Jornais e televisões nacionais destacam, do que aconteceu ontem, 15 de junho, em Budapeste, apenas a vitória portuguesa por três a zero – merecida, aliás – no jogo de futebol de onze disputado com a seleção local. Omitem em regra aspetos relevantes, justamente porque transcendem o caráter fortuito de uma partida de futebol.

1 – O estádio levava cerca de 60 mil pessoas e estava cheio, a larguíssima maioria composta por húngaros/as. Não se via a menor precaução relacionada com a Covid-19, mesmo sabendo-se que quem entrava deveria fazer um teste. Ninguém de máscara, pessoas coladas umas às outras, como se estivéssemos em 2019. Portugueses/as presentes, perto de cinco mil, entraram na mesma onda. Péssimo exemplo para o resto do mundo que a UEFA permitiu, assim contribuindo para liberalizar por todo o lado os cuidados a ter com a pandemia.

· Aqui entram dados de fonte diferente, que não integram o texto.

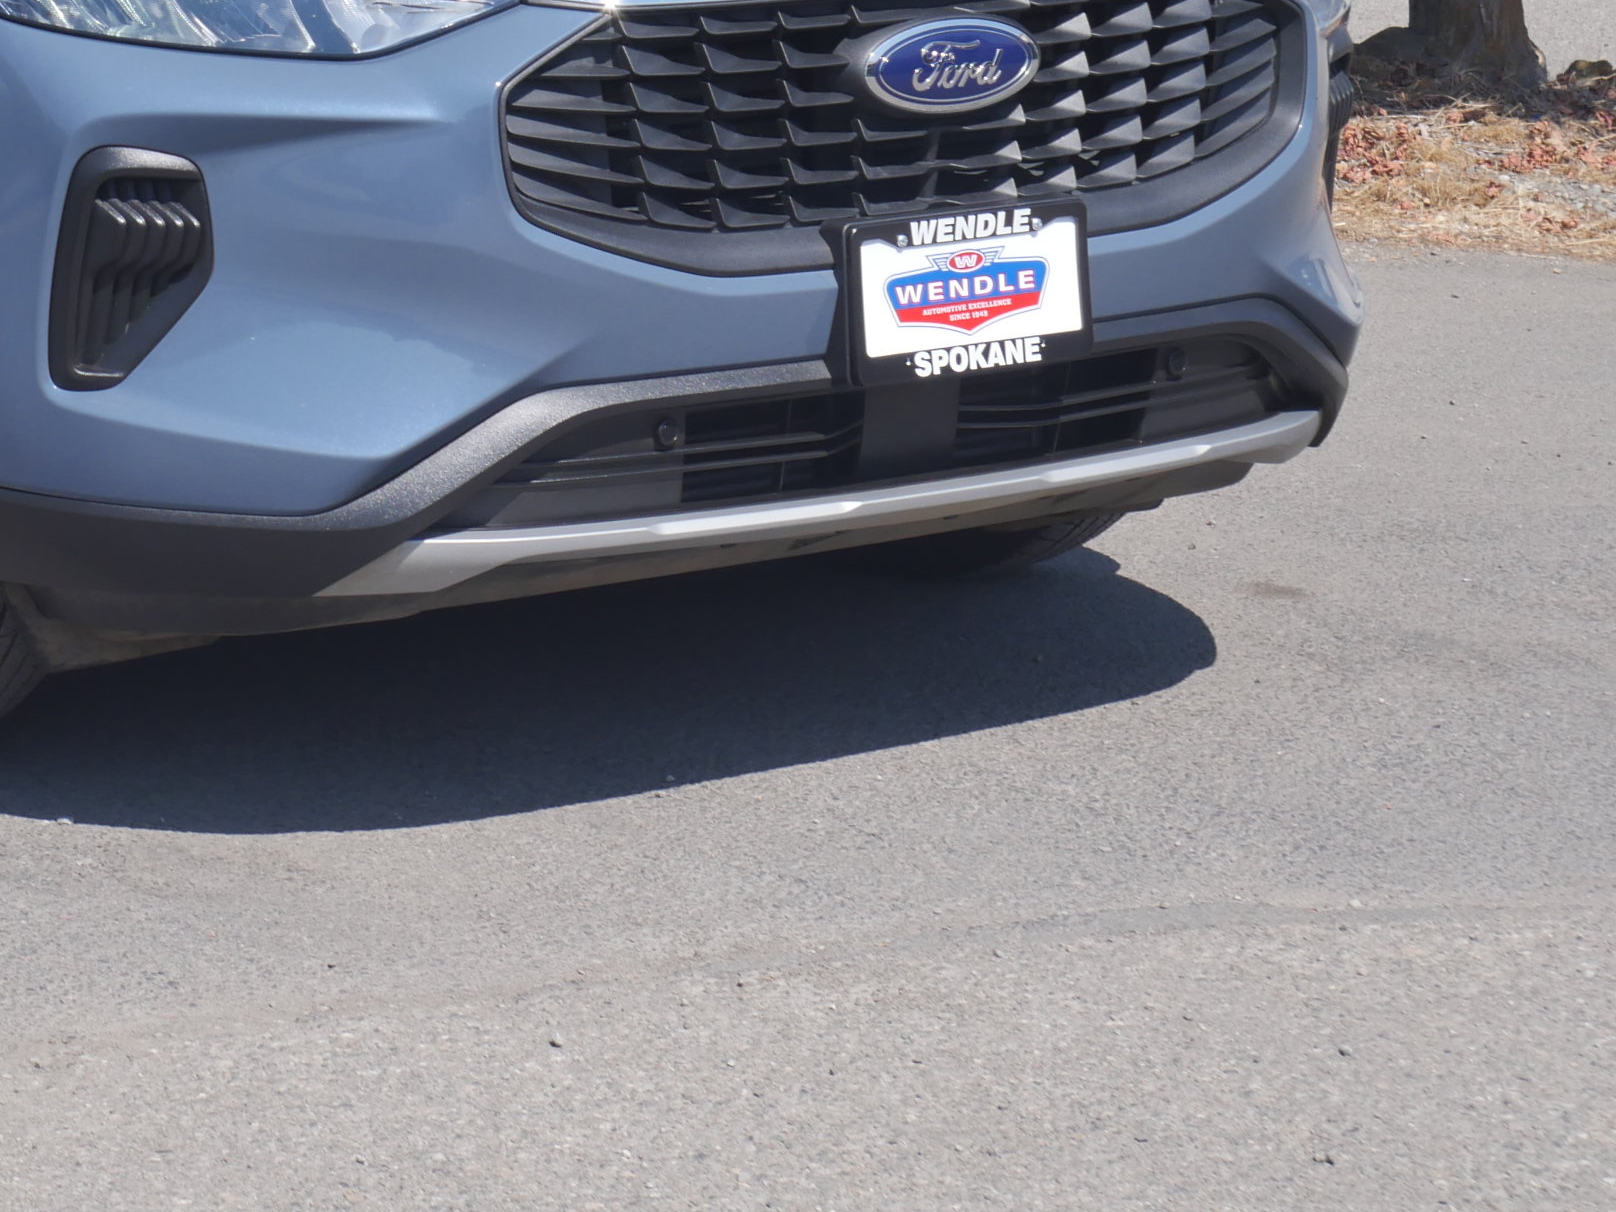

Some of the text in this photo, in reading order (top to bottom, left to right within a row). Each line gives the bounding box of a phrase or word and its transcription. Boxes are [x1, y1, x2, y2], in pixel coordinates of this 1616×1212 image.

[912, 39, 1004, 92] Ford
[910, 208, 1032, 246] WENDLE
[895, 269, 1036, 305] WENDLE
[922, 298, 1012, 316] AUTOMOTIVE EXCELLENCE
[949, 312, 971, 321] SINCE
[914, 336, 1042, 378] SPOKANE

2 – Parte significativa do público, talvez cerca de um quinto, era composta por um numeroso grupo de pessoas vestidas de negro, quase exclusivamente homens, que se sabe pertencerem a um grupo de hooligans com ramificações europeias, fortemente penetrados por organizações de extrema-direita, nacionalistas, racistas e homofóbicas. Foram eles a apedrejar o autocarro da nossa seleção, como foi deles que partiram alguns insultos, inclusive para Cristiano Ronaldo, culpado de cuidar do corpo e, por isso, de não ser suficientemente «homem».

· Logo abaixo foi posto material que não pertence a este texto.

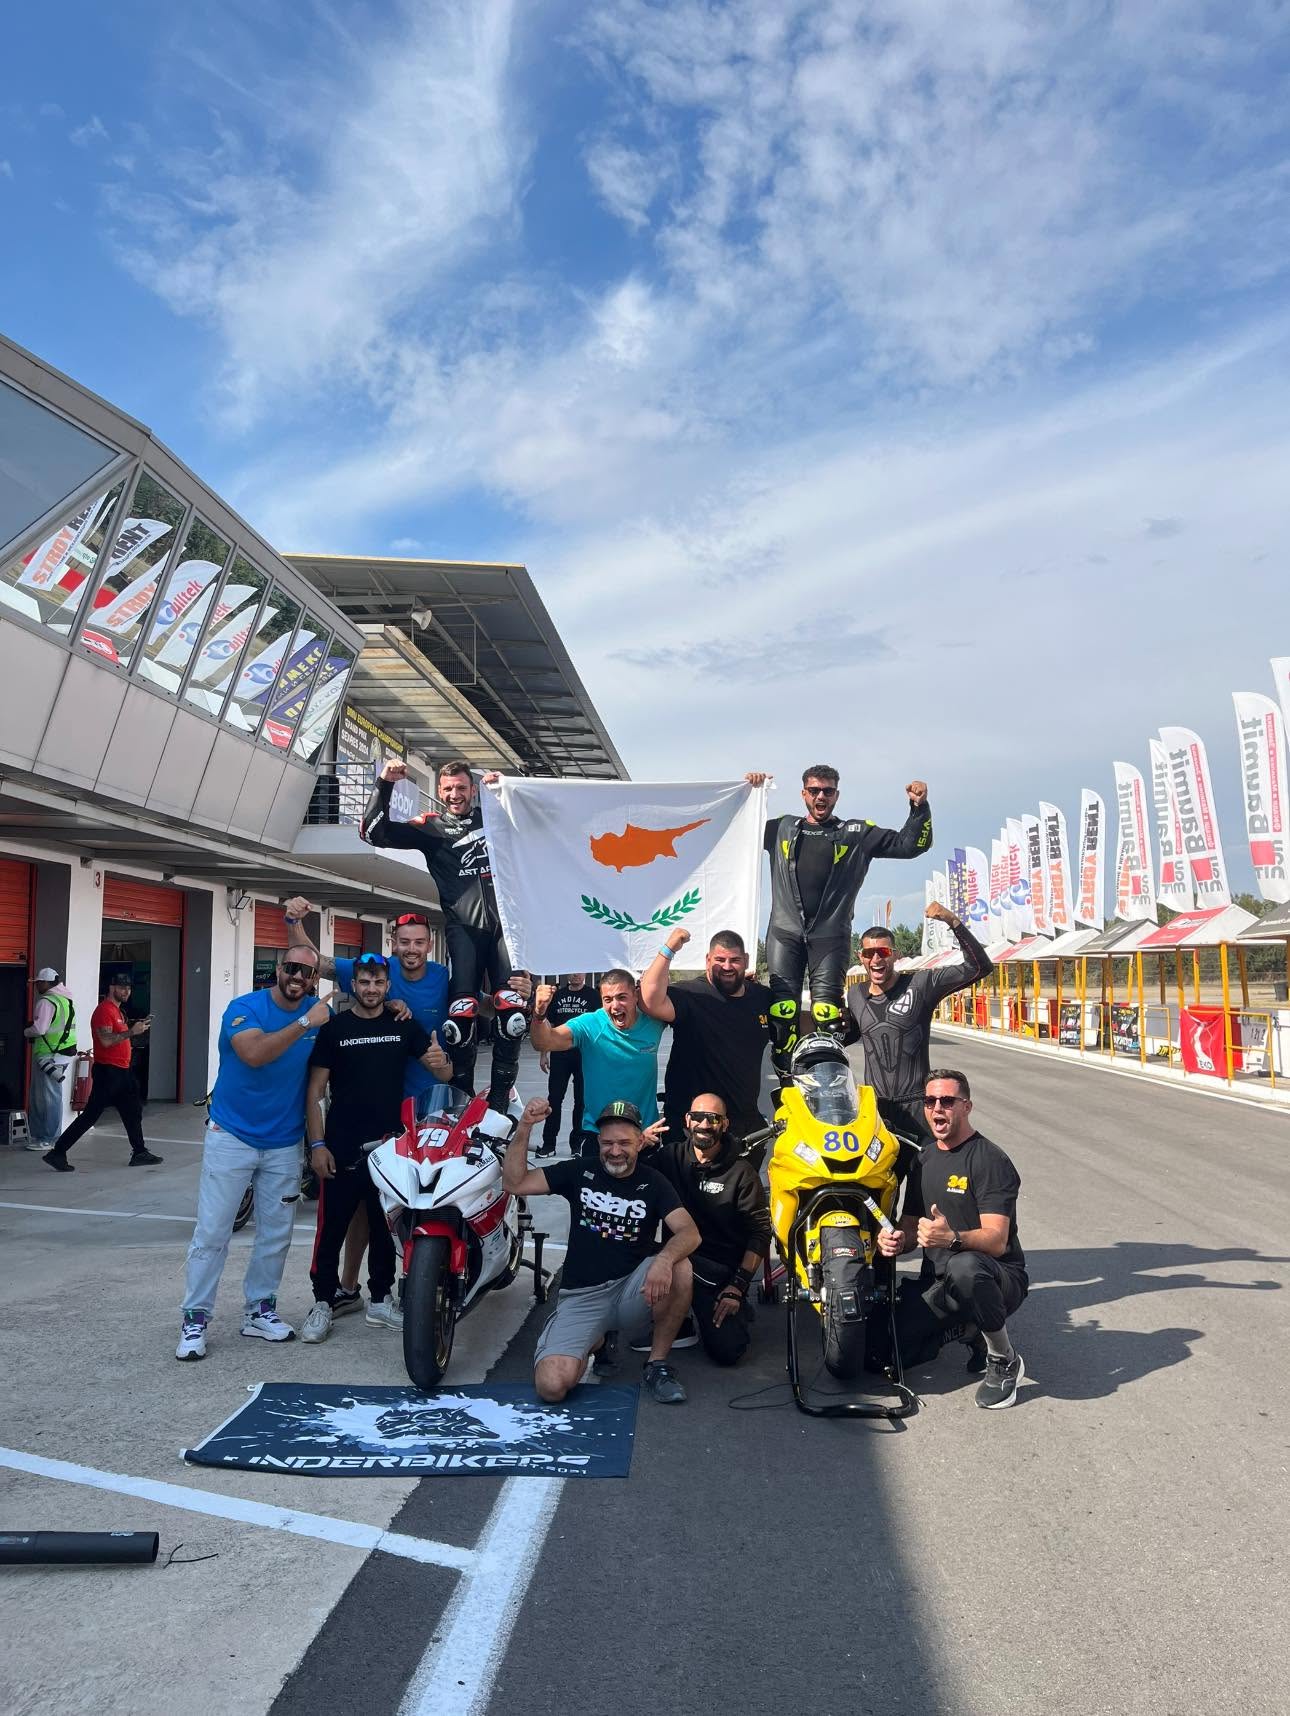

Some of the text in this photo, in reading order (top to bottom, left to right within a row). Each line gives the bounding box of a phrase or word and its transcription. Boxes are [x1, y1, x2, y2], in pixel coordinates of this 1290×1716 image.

[344, 718, 368, 741] GRAND PRIX
[357, 714, 377, 736] EUROPEAN
[341, 729, 369, 755] SERRES 2024
[95, 871, 101, 888] 3
[459, 866, 492, 876] ASTAR
[557, 996, 587, 1006] INDIAN
[340, 1035, 401, 1047] UNDERBIKERS
[824, 1131, 860, 1152] 80
[475, 1154, 495, 1169] YAMAHA
[947, 1174, 968, 1190] 34
[580, 1187, 647, 1219] astars

3 – É verdade que não existia uma campanha organizada para o efeito pelas federações nacionais, e até agora só duas das equipas presentes no Euro o fizeram, mas foi muito triste que Portugal, país democrático onde existem tantos jogadores de origem africana e pele negra – e ainda que eles não existissem – não tivesse aderido, no campo, à iniciativa internacional contra o racismo. Aliás, por cá, no pré-jogo, quase ninguém considerou essa possibilidade.

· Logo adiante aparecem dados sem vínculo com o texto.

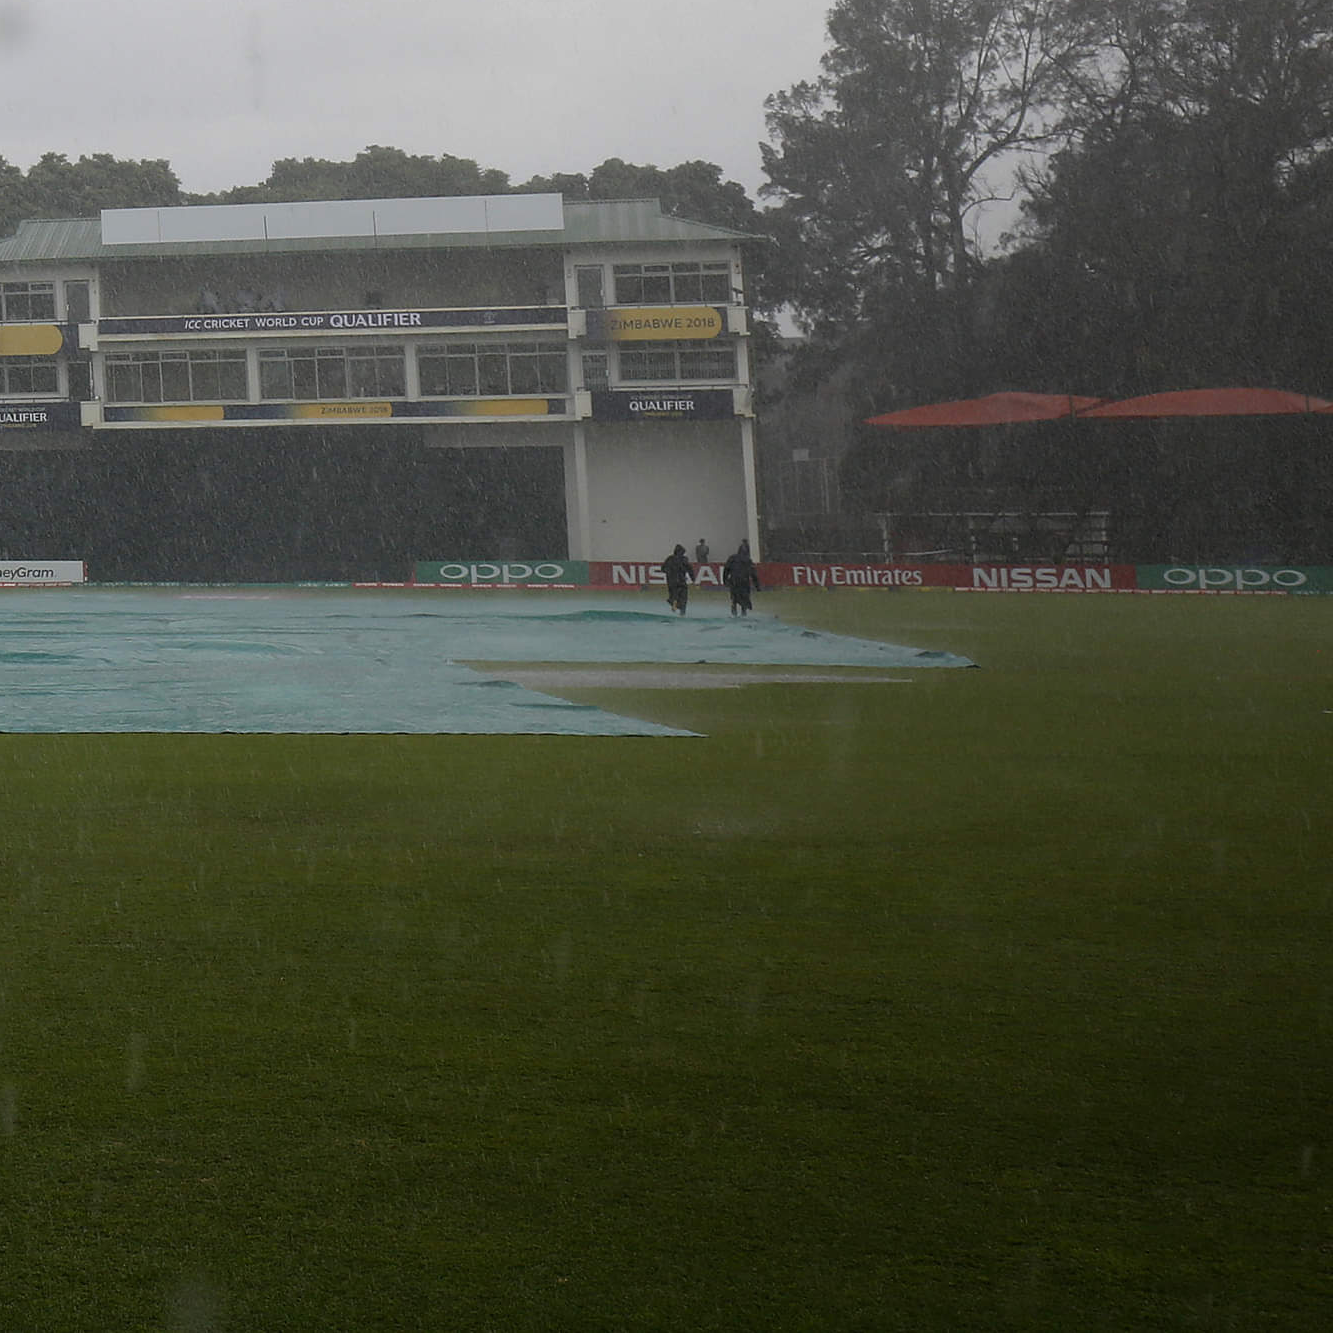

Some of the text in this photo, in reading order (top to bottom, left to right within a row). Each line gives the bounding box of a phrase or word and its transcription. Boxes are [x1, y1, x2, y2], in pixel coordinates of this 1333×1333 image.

[185, 312, 421, 330] ICC CRICKET WORLD CUP QUALIFIER
[611, 317, 715, 331] ZIMBABWE 2018
[629, 400, 694, 412] QUALIFIER
[439, 564, 564, 584] oppo
[792, 566, 923, 586] Fly Emirates
[973, 568, 1111, 588] NISSAN
[1163, 568, 1307, 589] oppo

Destes aspetos, jornais e televisões praticamente não falam. Ou falam muito marginalmente. Porque «é política». Porque política e desporto «não se devem misturar». Para algumas cabeças parece existirem dimensões da vida coletiva que escapam à interferência direta ou indireta da política. Que não são política. Como numa expressão que escutava muito em criança, pessoas informadas que o defendem «ou são burras, ou fazem-se».